■ Phrase grounding data ■

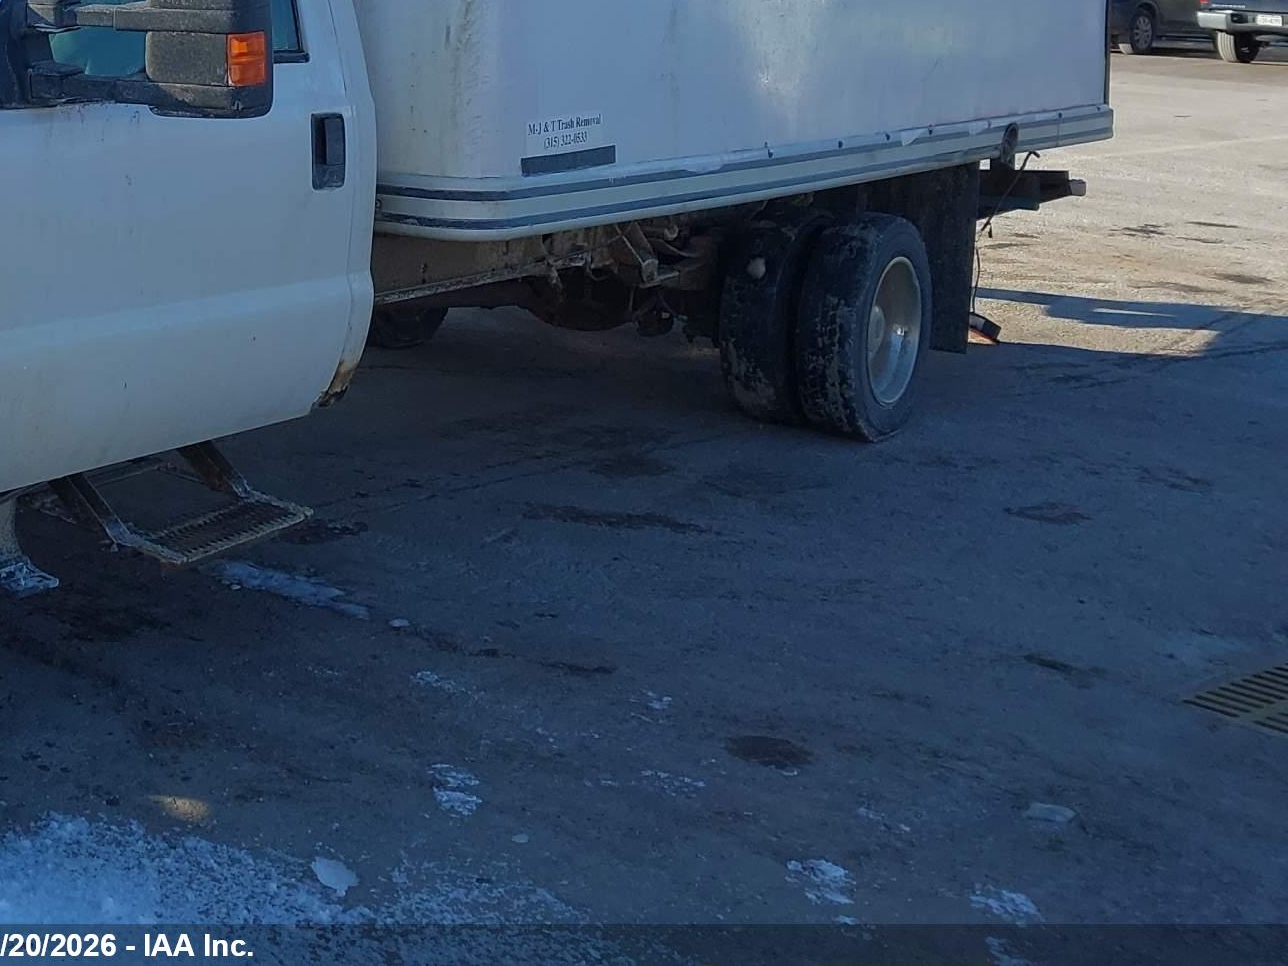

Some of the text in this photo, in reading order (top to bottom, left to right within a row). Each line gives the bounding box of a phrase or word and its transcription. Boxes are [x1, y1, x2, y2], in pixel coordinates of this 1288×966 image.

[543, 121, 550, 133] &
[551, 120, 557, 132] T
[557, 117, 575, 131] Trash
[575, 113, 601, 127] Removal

■ ABOUT THIS EXERCISE ■
Could you print the data exactly as it appears and keep the pictures out?

■ SOLUTION TO THE PROBLEM ■
Some of the text in this photo, in reading order (top to bottom, left to right within a row). Each line gives the bounding box of a phrase or word and its transcription. Boxes are [x1, y1, x2, y2], in pixel coordinates of this 1288×966 image.

[543, 121, 550, 133] &
[551, 120, 557, 132] T
[557, 117, 575, 131] Trash
[575, 113, 601, 127] Removal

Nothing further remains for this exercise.